--- What is expected ---
Leave out the pictures and reproduce all of the data exactly.

*** Dataset records

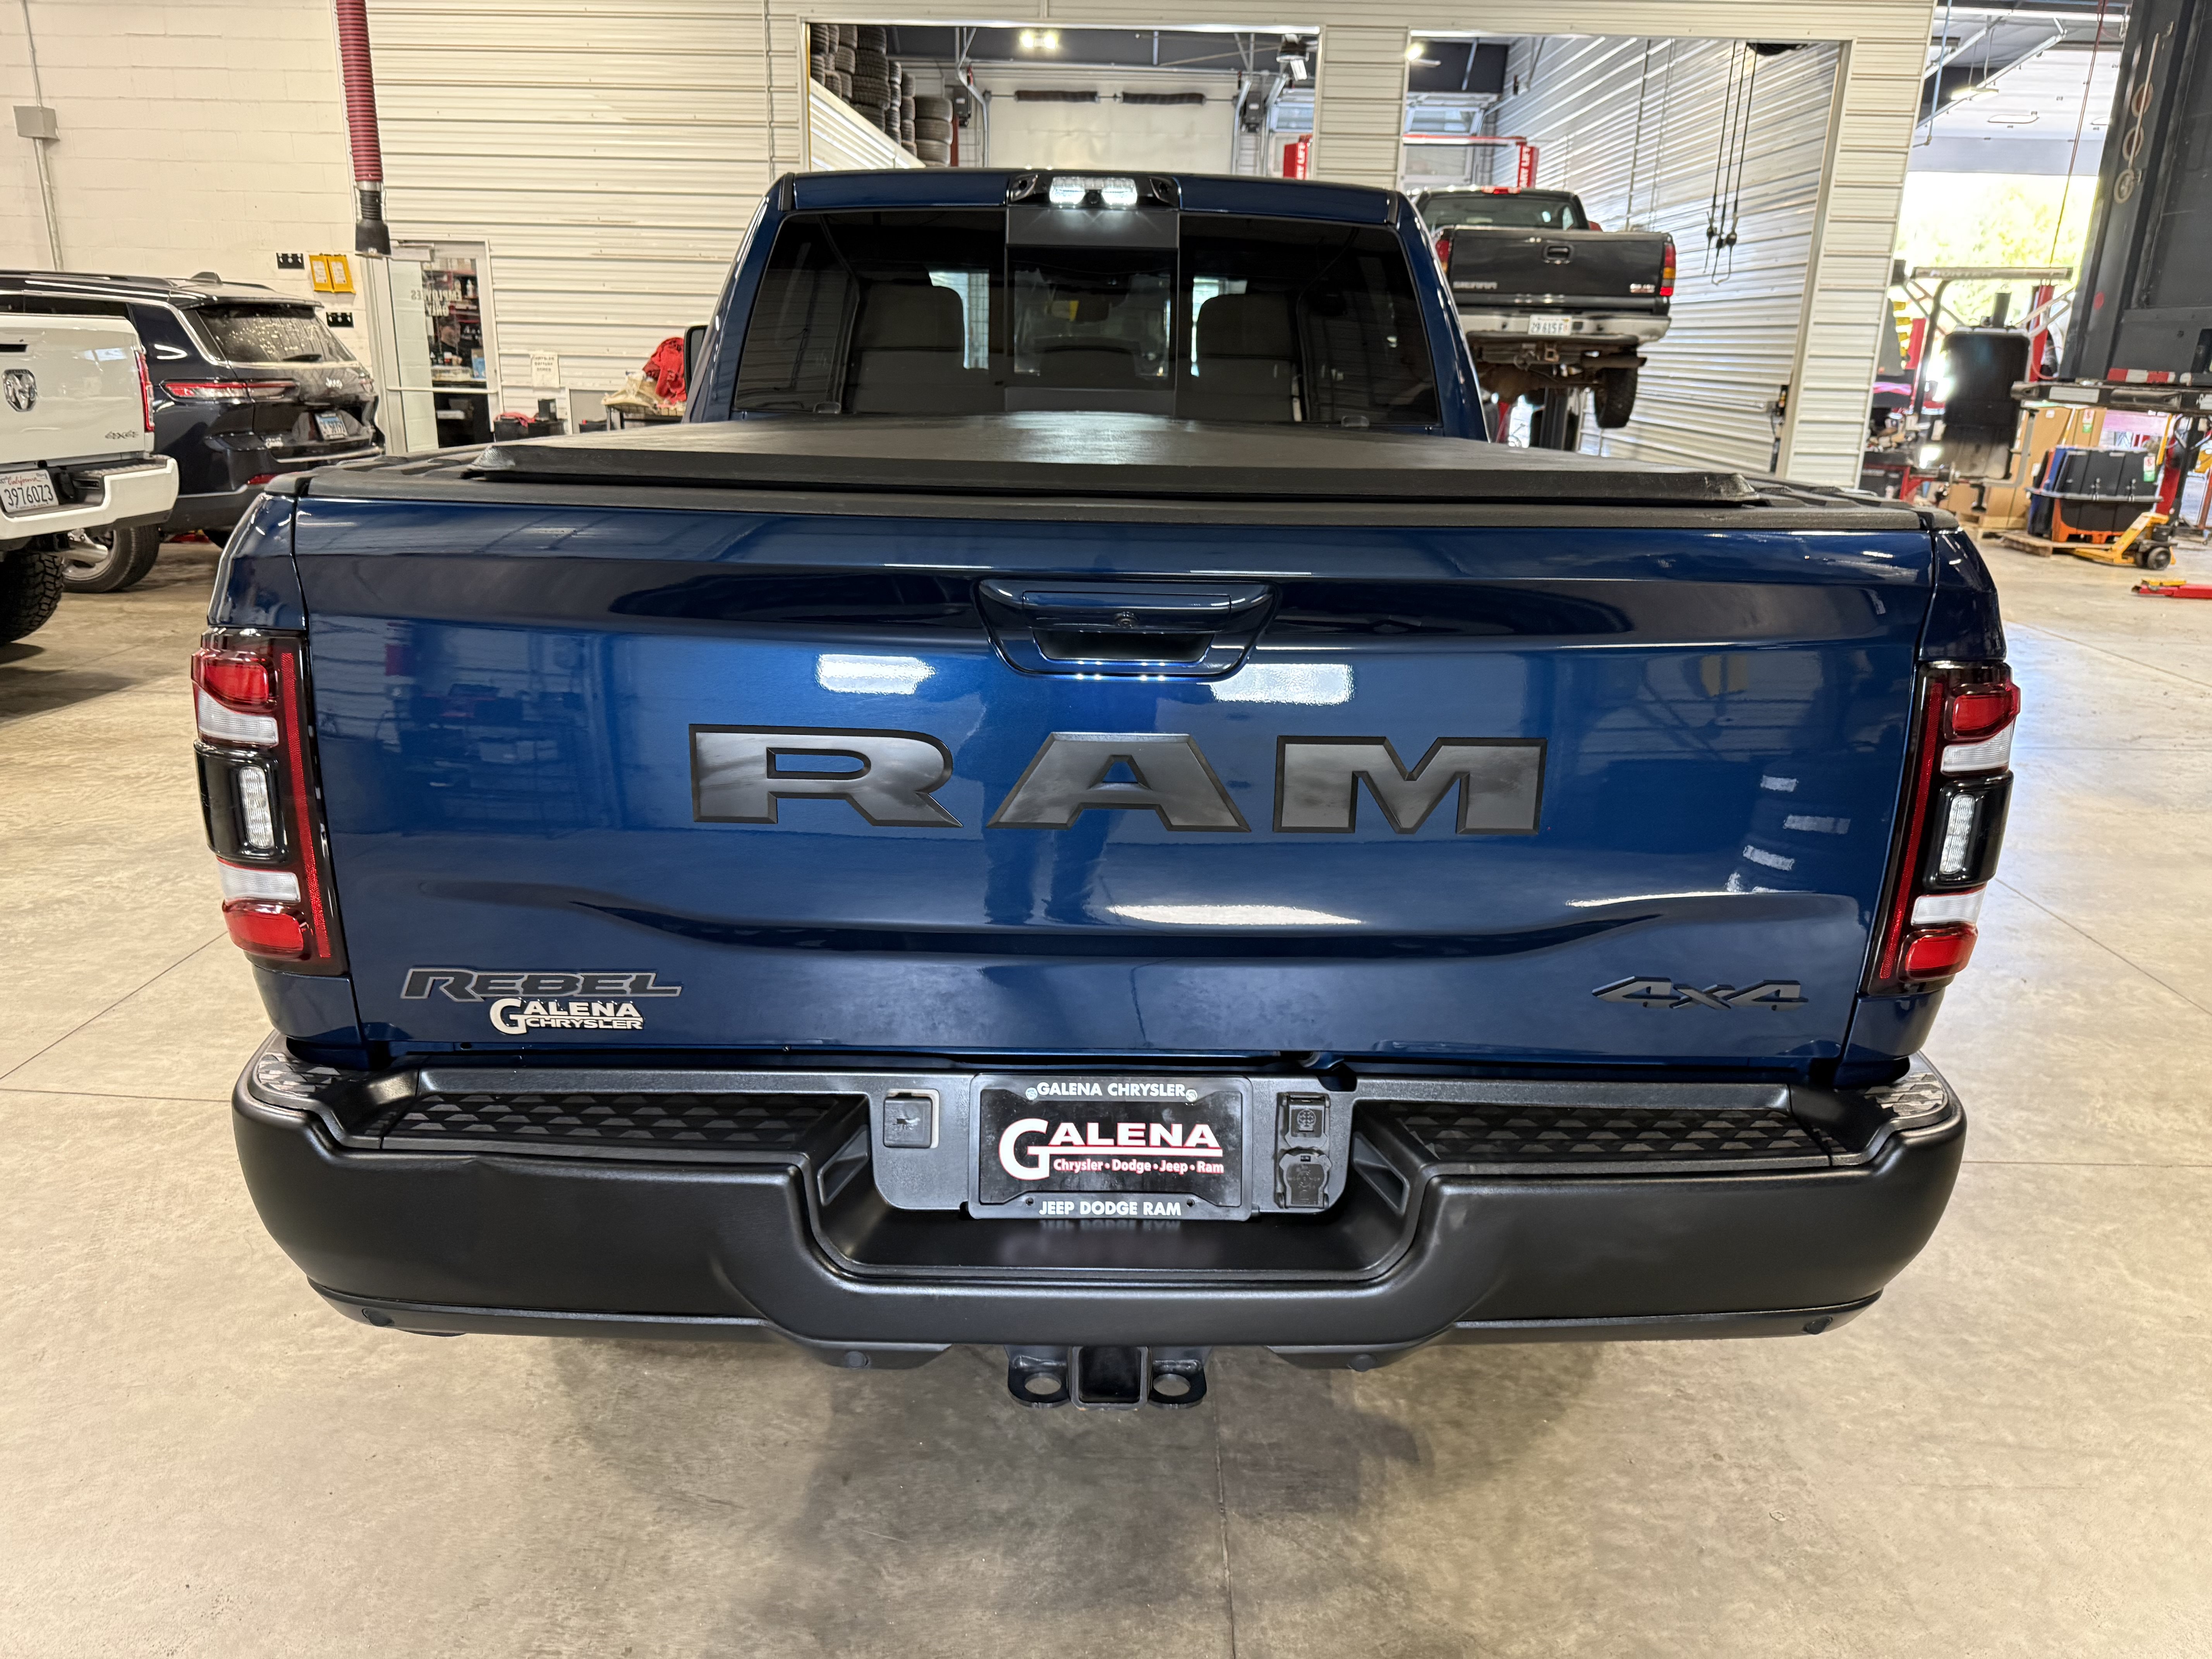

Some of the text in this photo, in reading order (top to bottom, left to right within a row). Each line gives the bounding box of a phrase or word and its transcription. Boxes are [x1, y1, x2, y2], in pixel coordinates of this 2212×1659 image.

[8, 476, 38, 486] California
[4, 484, 54, 506] 39760Z3
[689, 723, 1547, 835] RAM
[400, 968, 682, 1002] REBEL
[489, 998, 643, 1034] GALENA
[526, 1017, 644, 1030] CHRYSLER
[1037, 1082, 1186, 1097] GALENA CHRYSLER
[999, 1118, 1223, 1180] GALENA
[1053, 1158, 1224, 1176] Chrysler Dodge Jeep Ram
[1039, 1200, 1182, 1216] JEEP DODGE RAM

******

--- Your solution ---
Some of the text in this photo, in reading order (top to bottom, left to right within a row). Each line gives the bounding box of a phrase or word and its transcription. Boxes are [x1, y1, x2, y2], in pixel coordinates of this 2212×1659 image.

[8, 476, 38, 486] California
[4, 484, 54, 506] 39760Z3
[689, 723, 1547, 835] RAM
[400, 968, 682, 1002] REBEL
[489, 998, 643, 1034] GALENA
[526, 1017, 644, 1030] CHRYSLER
[1037, 1082, 1186, 1097] GALENA CHRYSLER
[999, 1118, 1223, 1180] GALENA
[1053, 1158, 1224, 1176] Chrysler Dodge Jeep Ram
[1039, 1200, 1182, 1216] JEEP DODGE RAM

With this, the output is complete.